新型コロナウイルス感染症の拡大によって、テレワークやデジタルチャネルを活用した営業活動に取り組む企業が増え、DX(デジタルトランスフォーメーション)が加速しました。
ビジネス環境の変化に期待が高まる一方で、懸念されるのがコンプライアンスリスクの増加です。
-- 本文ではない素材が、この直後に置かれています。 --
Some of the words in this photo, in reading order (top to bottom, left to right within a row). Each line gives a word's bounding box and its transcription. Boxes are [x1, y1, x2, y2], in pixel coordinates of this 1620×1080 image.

情報の不正な持ち出しやハラスメント、長時間労働といった問題が環境の変化に伴い見えにくくなる中、企業はどのような点に留意してDX推進とコンプライアンスを両立していけばいいのでしょうか。
DX時代におけるコンプライアンスとして注意すべきポイントや、具体的な対応方法をご紹介します。
コンプライアンスとは法令遵守を指す
コンプライアンス(compliance)とは、その言葉の意義のみを取り上げれば「法令遵守」をいいます。
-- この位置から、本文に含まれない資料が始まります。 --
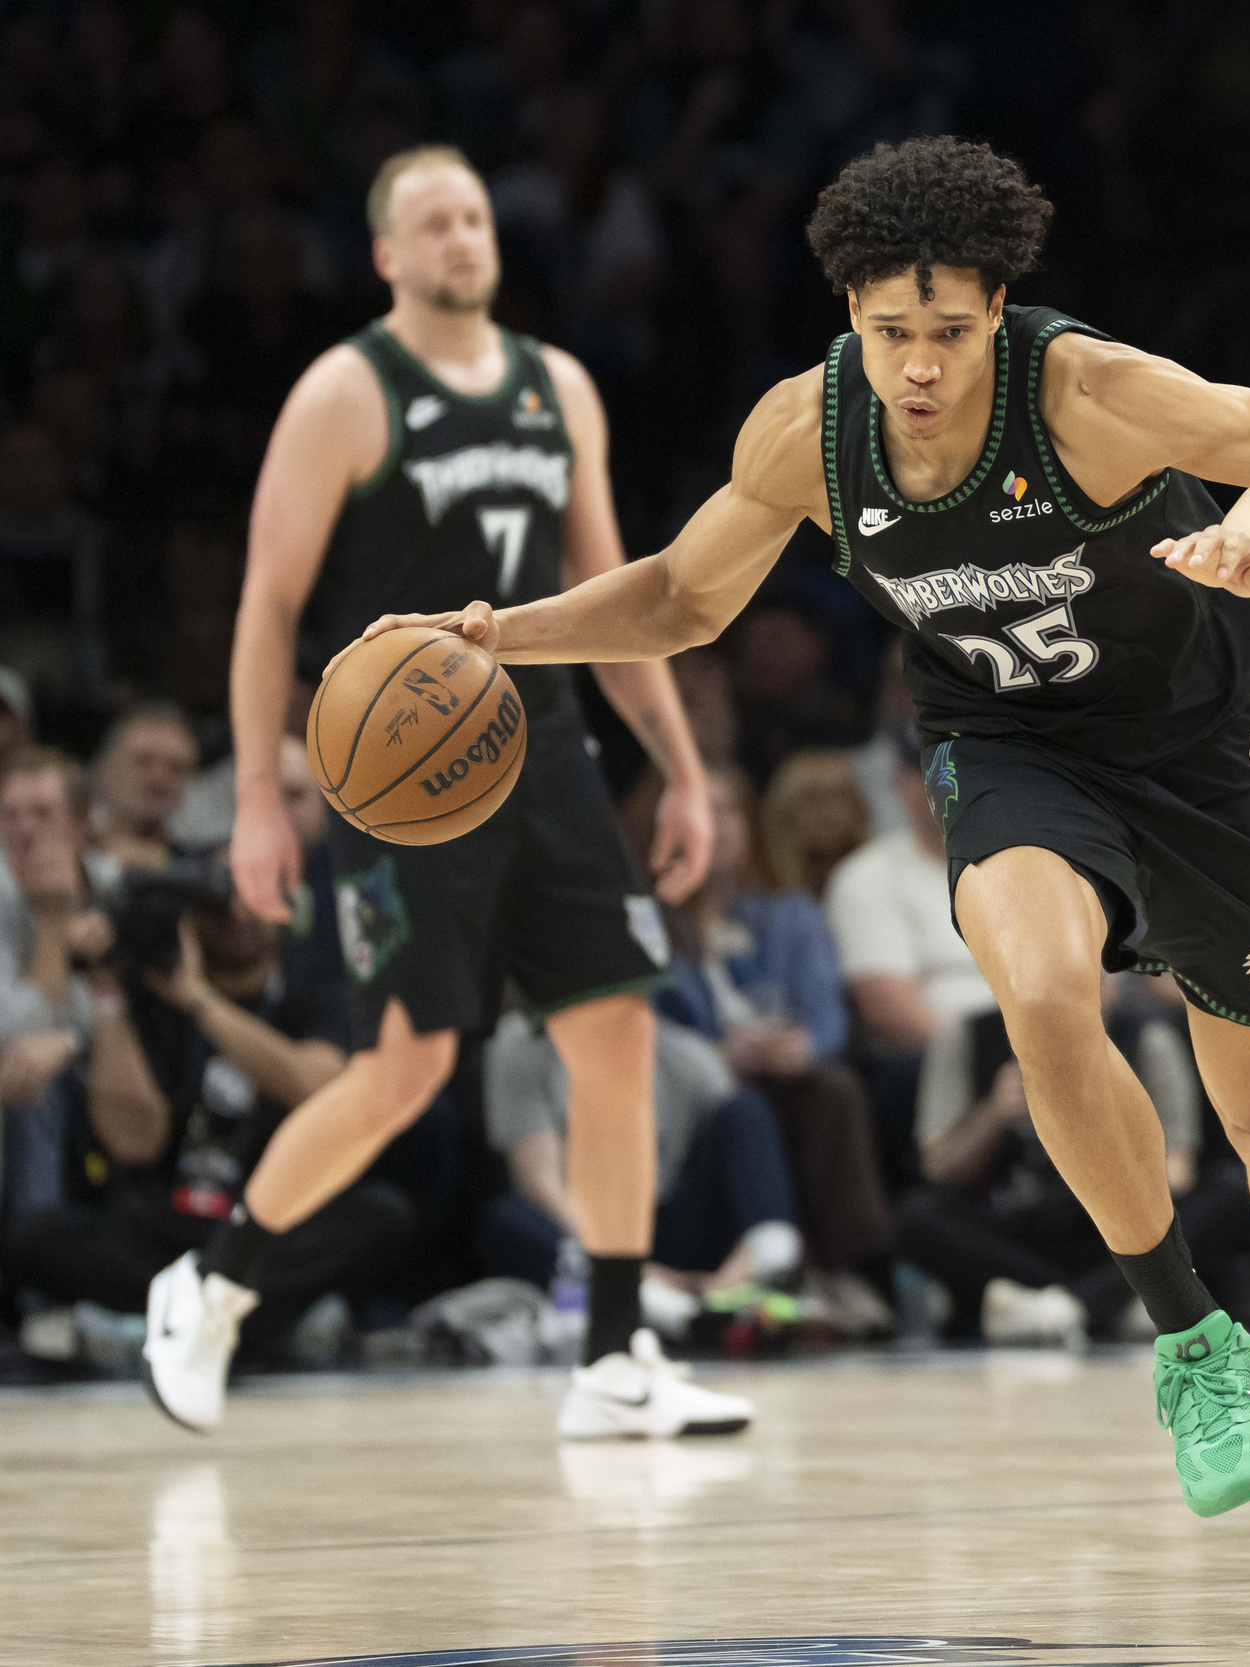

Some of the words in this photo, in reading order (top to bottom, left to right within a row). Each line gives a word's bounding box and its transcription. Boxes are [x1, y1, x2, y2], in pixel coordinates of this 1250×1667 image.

もっとも、今日においては、違法行為や社会倫理に反する行動をとることに対する社会の目はより一層厳しく、事業に与える影響も大きくなっていることから、企業のコンプライアンスは、法令だけではなく、社会規範や倫理の遵守も含めて考えられています。
コンプライアンスの内容
前述した通り、企業のコンプライアンスは、法令のみならず社会規範や倫理の遵守も含めて考えられていますが、その範囲は明確にあるものではありません。ここでは、法令、企業倫理・社会規範の意味について押さえておきましょう。
法令
まず押さえるべきはコンプライアンスの対象の中心となる法令です。法令とは、国会によって制定された法律や、国の行政機関で制定される政令、府令、省令などが該当します。
企業倫理・社会規範
企業倫理とは、企業の活動、および企業内の活動に関わる人間の行動において、基準となる考え方のことです。社会規範は、特定の集団や文化、社会に存在し、人々が遵守することを期待される暗黙のルールです。
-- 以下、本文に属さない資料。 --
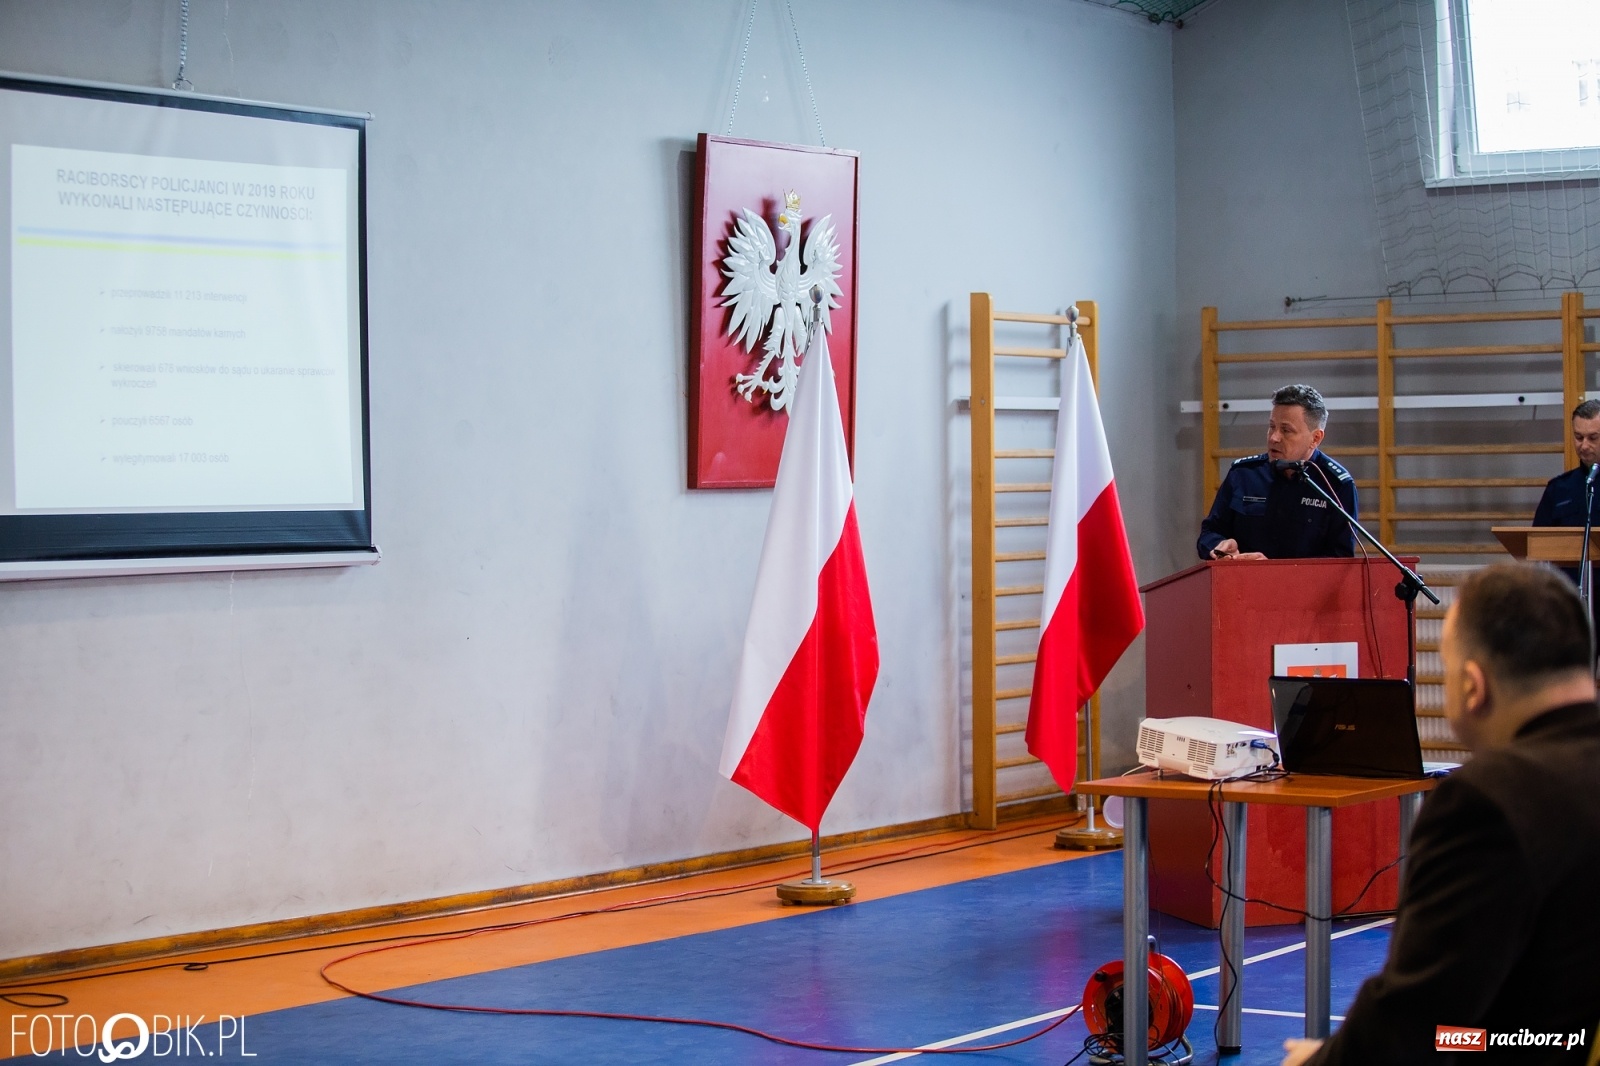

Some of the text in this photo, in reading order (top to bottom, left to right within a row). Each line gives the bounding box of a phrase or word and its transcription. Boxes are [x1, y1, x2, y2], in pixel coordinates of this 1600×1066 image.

働く環境やジェンダ平等、ダイバーシティ、ハラスメントなど、今の世の中には多様な問題が取り巻いています。そんな中、企業は「どう捉え、どのような判断をするか」を一貫した姿勢で示すことが重要です。そのための軸となるのが企業倫理であり、社会規範を反映するものといえるでしょう。
コンプライアンス違反となる事例
コンプライアンスに違反しないためには、身近な事例を知っておくことが大切です。続いては、身近に潜むコンプライアンス違反の事例をご紹介します。

労働問題
長時間労働や度重なる休日出勤などの過重労働、パワハラ、セクハラなど、雇用主の不当な扱いによって労働者が被った肉体的・精神的苦痛全般が労働問題に該当します。
事業遂行上の法令違反
事業を遂行する上で、適用される法令に違反する場合は、事業遂行上の法令違反に該当します。たとえば、衛生上定められた食品処理を行わない食品衛生法違反、消費者の誤認を招く表示をする景品表示法違反などが挙げられます。
不正会計
粉飾決算、業務上横領、架空請求などが不正会計に該当します。「業績低迷を隠すことが会社を守ることにつながる」といった間違った意識で行った不正会計の発覚が企業に与える影響は大きく、最終的には経営破綻を招くこともあります。
情報漏洩
情報漏洩は、機密情報や個人情報など企業が保有している情報が外部に漏れることが該当します。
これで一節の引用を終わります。